Creating an EKS cluster using onboarding-cli

In this document we will check how can we create a fresh EKS cluster using onboarding CLI.

Pre-requisites

  1. Download aws cli == 2.x.x
  2. Download git
  3. Create an AWS profile locally which is using an IAM user having admin access to the AWS account where you want to deploy the cluster.
  4. Ensuring AWS Infrastructure requirements are read carefully.
  5. Install ocli

Installation

Creating a config file

  1. In this document we will check what are the options available for configuring AWS EKS cluster.
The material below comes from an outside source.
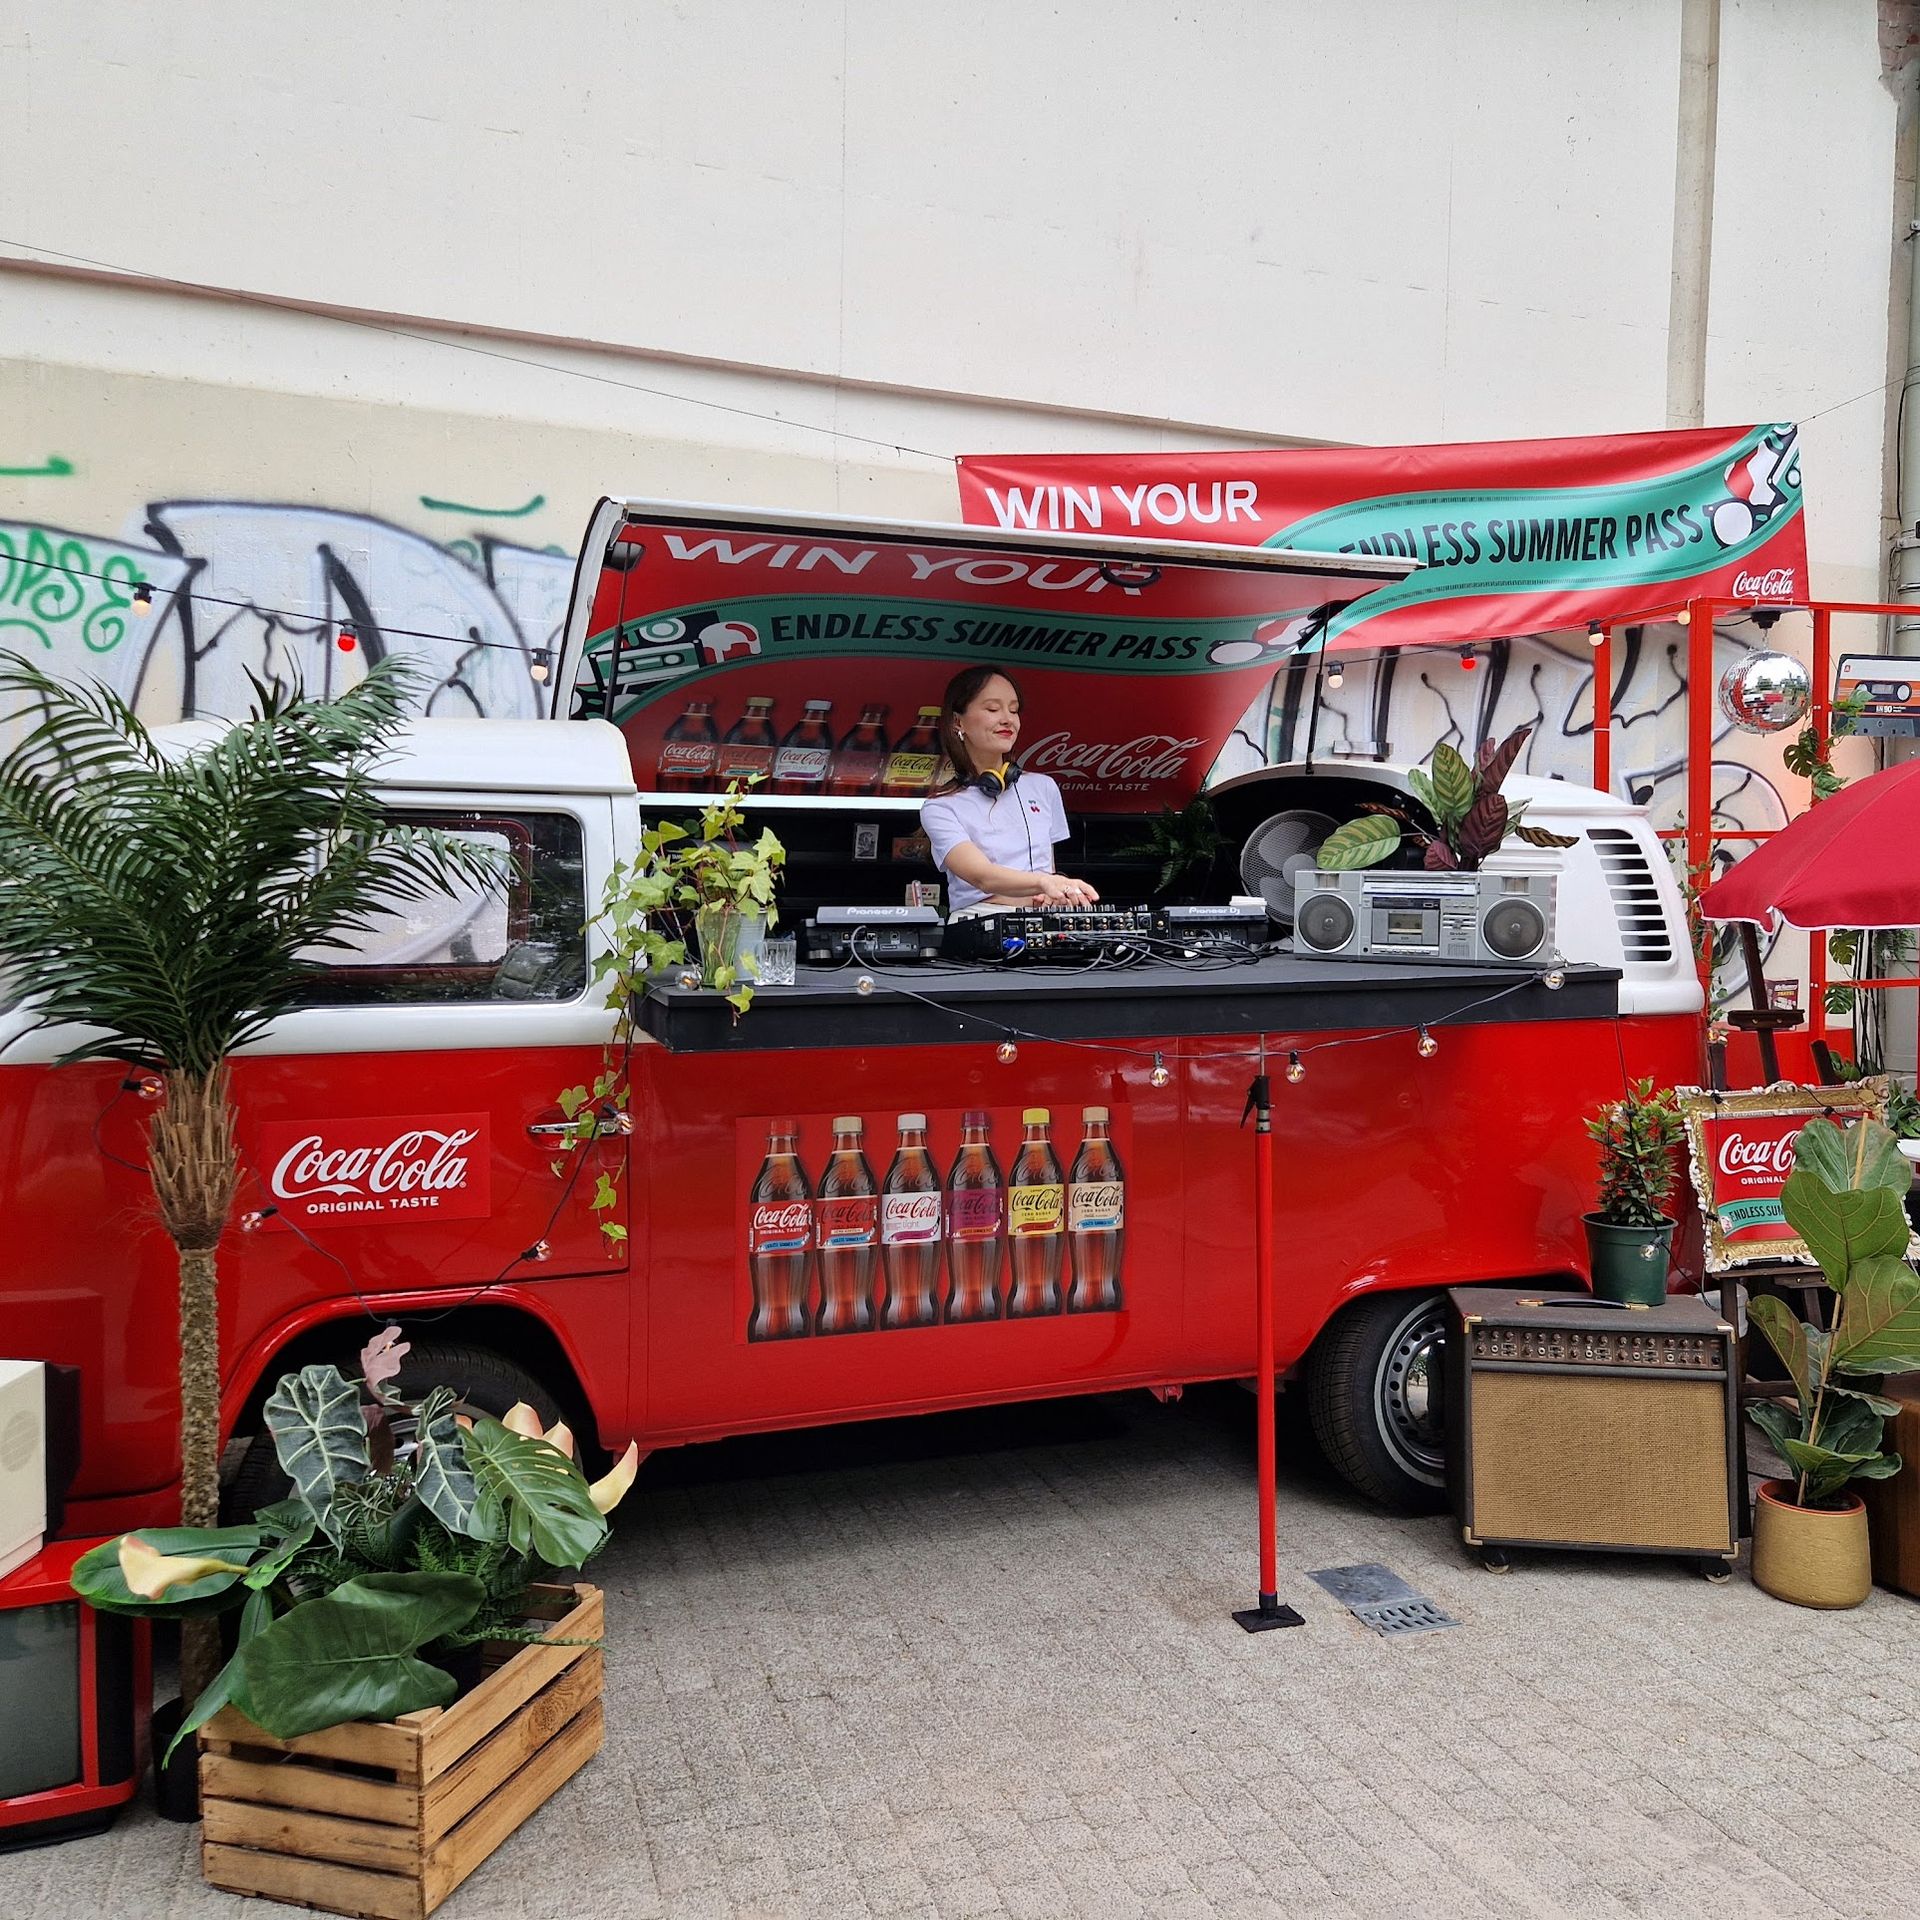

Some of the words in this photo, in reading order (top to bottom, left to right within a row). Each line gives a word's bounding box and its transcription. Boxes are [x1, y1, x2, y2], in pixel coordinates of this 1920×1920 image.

  2. There are two options available for the AWS network

    1. Existing VPC - This is the case when you have an already existing network for your existing AWS services. The onboarding CLI can use the existing VPC to deploy the EKS cluster inside it. Read Existing VPC requirements to know more on this.
    2. New VPC - If you don't have any existing VPC or want to deploy the Truefoundry EKS cluster inside a new VPC then you can select this option. In this option you will be prompted for the VPC CIDR which is the CIDR range of the VPC you want. If you are not sure 10.10.0.0/16 will be taken as default. You will also be asked for private and public CIDRS. Read New VPC requirements to know more on this
  3. Run the below command

    ocli infra init
  4. Screen will be cleared and you will be asked for cloud provider choice. Select aws here and for the next question add your account ID

    Truefoundry is a platform that makes it very easy to deploy microservices, ML models training jobs, LLMs on Kubernetes. We will start the process of bootstrapping a Kubernetes cluster. This CLI is useful only if you don't have a Kubernetes cluster. If you already have a cluster, please go to https://docs.truefoundry.com/docs/creating-your-own-kubernetes-cluster
    Let's get started!
    
    1. Cloud Provider
    In which cloud provider you would like to deploy your cluster: :
    >  aws
       azure
       gcp
    aws
    
    2. Account ID
    What is the AWS Account ID where you want to deploy your cluster:

🚧

exec: "aws": executable file not found in $PATH

The above error indicates that aws cli is not present in your local machine. Make sure you have downloaded the aws CLI.

🚧

GetLocalAWSProfiles: exit status 2

The above error indicates that the version of aws CLI is not matching the required version. For ocli to work aws == 2.x.x

❗️

Error: initCmd: aws.InitAws(): InitAWS: Error getting AWS profiles: inputAWSProfile: No profile found, atleast one profile must exist

This is an error when the CLI is not able to find any AWS profile in your local

  1. Select the right profile from the dropdown list of all the profile present in your local. You can use up and down arrow key and use / to search with keyword amongst the list. If you use aws configure to set up credentials then your profile name will be prompted as default

    3. AWS profiles
    Use the arrow keys to navigate: ↓ ↑ → ←  and / toggles search
    3(A). Which AWS profile you want to use ?
  2. Enter the name for you EKS cluster. A prefix of tfy and region in short form will added before all the resources that will be created in the cluster so you can avoid adding tfy in the cluster name itself

    4. AWS cluster name
    What is the cluster name that you want for your cluster (final name of your cluster will tfy-<SHORT_REGION>-<NAME>)
  3. Select the region from the dropdown list. You can use up and down arrow key alongwith / to toggle search with keyword.

    5. Region
    Use the arrow keys to navigate: ↓ ↑ → ←  and / toggles search
    5(A). In which region you want to deploy your cluster:
      eu-west-1
      me-central-1
      eu-central-2
      ap-northeast-3
    ↓ us-east-2
  4. Enter the no of availability zone and select the zones. Default (recommended) value is 3 with minimum being 2. In the below example I have selected 2 as the count of availability zones and I will get two options to select the zones from the 3 available ones.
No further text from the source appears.